─── STUDY MATERIAL

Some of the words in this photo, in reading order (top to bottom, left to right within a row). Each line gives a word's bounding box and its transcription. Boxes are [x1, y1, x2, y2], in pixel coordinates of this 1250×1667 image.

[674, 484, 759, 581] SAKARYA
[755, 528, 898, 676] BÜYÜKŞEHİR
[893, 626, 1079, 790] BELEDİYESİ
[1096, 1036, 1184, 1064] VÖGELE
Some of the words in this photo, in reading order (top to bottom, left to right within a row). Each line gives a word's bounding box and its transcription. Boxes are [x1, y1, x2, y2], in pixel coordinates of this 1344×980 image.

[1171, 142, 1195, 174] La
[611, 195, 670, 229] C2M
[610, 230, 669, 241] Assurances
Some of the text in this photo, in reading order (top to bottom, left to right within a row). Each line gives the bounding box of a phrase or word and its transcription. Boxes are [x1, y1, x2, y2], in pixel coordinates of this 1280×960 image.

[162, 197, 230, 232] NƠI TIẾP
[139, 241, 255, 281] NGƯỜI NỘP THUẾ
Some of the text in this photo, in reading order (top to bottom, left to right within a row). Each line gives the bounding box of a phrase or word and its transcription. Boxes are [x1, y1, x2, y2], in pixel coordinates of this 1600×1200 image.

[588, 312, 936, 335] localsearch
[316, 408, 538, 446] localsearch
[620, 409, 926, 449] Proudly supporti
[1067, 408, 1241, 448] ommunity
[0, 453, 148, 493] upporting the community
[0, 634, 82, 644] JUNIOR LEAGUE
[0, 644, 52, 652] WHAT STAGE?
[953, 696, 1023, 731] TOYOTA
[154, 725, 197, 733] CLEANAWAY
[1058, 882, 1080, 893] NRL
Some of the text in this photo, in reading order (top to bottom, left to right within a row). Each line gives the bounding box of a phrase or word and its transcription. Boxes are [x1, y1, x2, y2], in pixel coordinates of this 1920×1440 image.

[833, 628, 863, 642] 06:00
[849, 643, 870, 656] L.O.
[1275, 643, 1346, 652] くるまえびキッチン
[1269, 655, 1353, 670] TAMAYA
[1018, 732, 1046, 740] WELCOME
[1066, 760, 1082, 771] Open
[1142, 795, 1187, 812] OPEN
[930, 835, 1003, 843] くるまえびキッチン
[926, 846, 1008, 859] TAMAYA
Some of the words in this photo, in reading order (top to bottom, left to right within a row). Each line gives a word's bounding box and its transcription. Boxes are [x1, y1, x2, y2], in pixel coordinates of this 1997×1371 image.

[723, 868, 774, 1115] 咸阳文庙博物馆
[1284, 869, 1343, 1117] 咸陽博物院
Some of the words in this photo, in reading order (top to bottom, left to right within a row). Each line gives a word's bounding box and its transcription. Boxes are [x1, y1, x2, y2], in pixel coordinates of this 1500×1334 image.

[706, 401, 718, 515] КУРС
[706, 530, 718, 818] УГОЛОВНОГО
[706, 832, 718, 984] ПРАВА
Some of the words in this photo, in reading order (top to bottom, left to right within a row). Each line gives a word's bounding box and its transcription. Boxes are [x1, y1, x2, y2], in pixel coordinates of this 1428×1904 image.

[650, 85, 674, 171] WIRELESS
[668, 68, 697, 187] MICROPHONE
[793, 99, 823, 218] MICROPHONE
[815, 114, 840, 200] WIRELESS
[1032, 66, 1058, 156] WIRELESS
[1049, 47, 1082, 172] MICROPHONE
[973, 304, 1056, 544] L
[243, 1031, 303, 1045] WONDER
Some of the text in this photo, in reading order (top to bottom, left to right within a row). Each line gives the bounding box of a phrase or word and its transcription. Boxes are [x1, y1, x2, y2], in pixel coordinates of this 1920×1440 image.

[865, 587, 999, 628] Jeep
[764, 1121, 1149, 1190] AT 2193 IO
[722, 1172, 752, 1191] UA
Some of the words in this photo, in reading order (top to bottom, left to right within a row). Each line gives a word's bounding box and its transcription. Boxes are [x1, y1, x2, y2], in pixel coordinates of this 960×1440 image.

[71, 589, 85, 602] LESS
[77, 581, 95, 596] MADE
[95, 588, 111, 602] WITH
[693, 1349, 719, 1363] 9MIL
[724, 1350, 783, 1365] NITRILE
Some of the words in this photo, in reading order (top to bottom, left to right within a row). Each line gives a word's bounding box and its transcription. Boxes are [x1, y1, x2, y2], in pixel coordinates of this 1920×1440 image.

──────

EXERCISE>
Give the data again. Keep every line identical.

RESULT FOR THIS TASK>
Some of the words in this photo, in reading order (top to bottom, left to right within a row). Each line gives a word's bounding box and its transcription. Boxes are [x1, y1, x2, y2], in pixel coordinates of this 1250×1667 image.

[674, 484, 759, 581] SAKARYA
[755, 528, 898, 676] BÜYÜKŞEHİR
[893, 626, 1079, 790] BELEDİYESİ
[1096, 1036, 1184, 1064] VÖGELE
Some of the words in this photo, in reading order (top to bottom, left to right within a row). Each line gives a word's bounding box and its transcription. Boxes are [x1, y1, x2, y2], in pixel coordinates of this 1344×980 image.

[1171, 142, 1195, 174] La
[611, 195, 670, 229] C2M
[610, 230, 669, 241] Assurances
Some of the text in this photo, in reading order (top to bottom, left to right within a row). Each line gives the bounding box of a phrase or word and its transcription. Boxes are [x1, y1, x2, y2], in pixel coordinates of this 1280×960 image.

[162, 197, 230, 232] NƠI TIẾP
[139, 241, 255, 281] NGƯỜI NỘP THUẾ
Some of the text in this photo, in reading order (top to bottom, left to right within a row). Each line gives the bounding box of a phrase or word and its transcription. Boxes are [x1, y1, x2, y2], in pixel coordinates of this 1600×1200 image.

[588, 312, 936, 335] localsearch
[316, 408, 538, 446] localsearch
[620, 409, 926, 449] Proudly supporti
[1067, 408, 1241, 448] ommunity
[0, 453, 148, 493] upporting the community
[0, 634, 82, 644] JUNIOR LEAGUE
[0, 644, 52, 652] WHAT STAGE?
[953, 696, 1023, 731] TOYOTA
[154, 725, 197, 733] CLEANAWAY
[1058, 882, 1080, 893] NRL
Some of the text in this photo, in reading order (top to bottom, left to right within a row). Each line gives the bounding box of a phrase or word and its transcription. Boxes are [x1, y1, x2, y2], in pixel coordinates of this 1920×1440 image.

[833, 628, 863, 642] 06:00
[849, 643, 870, 656] L.O.
[1275, 643, 1346, 652] くるまえびキッチン
[1269, 655, 1353, 670] TAMAYA
[1018, 732, 1046, 740] WELCOME
[1066, 760, 1082, 771] Open
[1142, 795, 1187, 812] OPEN
[930, 835, 1003, 843] くるまえびキッチン
[926, 846, 1008, 859] TAMAYA
Some of the words in this photo, in reading order (top to bottom, left to right within a row). Each line gives a word's bounding box and its transcription. Boxes are [x1, y1, x2, y2], in pixel coordinates of this 1997×1371 image.

[723, 868, 774, 1115] 咸阳文庙博物馆
[1284, 869, 1343, 1117] 咸陽博物院
Some of the words in this photo, in reading order (top to bottom, left to right within a row). Each line gives a word's bounding box and its transcription. Boxes are [x1, y1, x2, y2], in pixel coordinates of this 1500×1334 image.

[706, 401, 718, 515] КУРС
[706, 530, 718, 818] УГОЛОВНОГО
[706, 832, 718, 984] ПРАВА
Some of the words in this photo, in reading order (top to bottom, left to right within a row). Each line gives a word's bounding box and its transcription. Boxes are [x1, y1, x2, y2], in pixel coordinates of this 1428×1904 image.

[650, 85, 674, 171] WIRELESS
[668, 68, 697, 187] MICROPHONE
[793, 99, 823, 218] MICROPHONE
[815, 114, 840, 200] WIRELESS
[1032, 66, 1058, 156] WIRELESS
[1049, 47, 1082, 172] MICROPHONE
[973, 304, 1056, 544] L
[243, 1031, 303, 1045] WONDER
Some of the text in this photo, in reading order (top to bottom, left to right within a row). Each line gives the bounding box of a phrase or word and its transcription. Boxes are [x1, y1, x2, y2], in pixel coordinates of this 1920×1440 image.

[865, 587, 999, 628] Jeep
[764, 1121, 1149, 1190] AT 2193 IO
[722, 1172, 752, 1191] UA
Some of the words in this photo, in reading order (top to bottom, left to right within a row). Each line gives a word's bounding box and its transcription. Boxes are [x1, y1, x2, y2], in pixel coordinates of this 960×1440 image.

[71, 589, 85, 602] LESS
[77, 581, 95, 596] MADE
[95, 588, 111, 602] WITH
[693, 1349, 719, 1363] 9MIL
[724, 1350, 783, 1365] NITRILE
Some of the words in this photo, in reading order (top to bottom, left to right within a row). Each line gives a word's bounding box and its transcription. Boxes are [x1, y1, x2, y2], in pixel coordinates of this 1920×1440 image.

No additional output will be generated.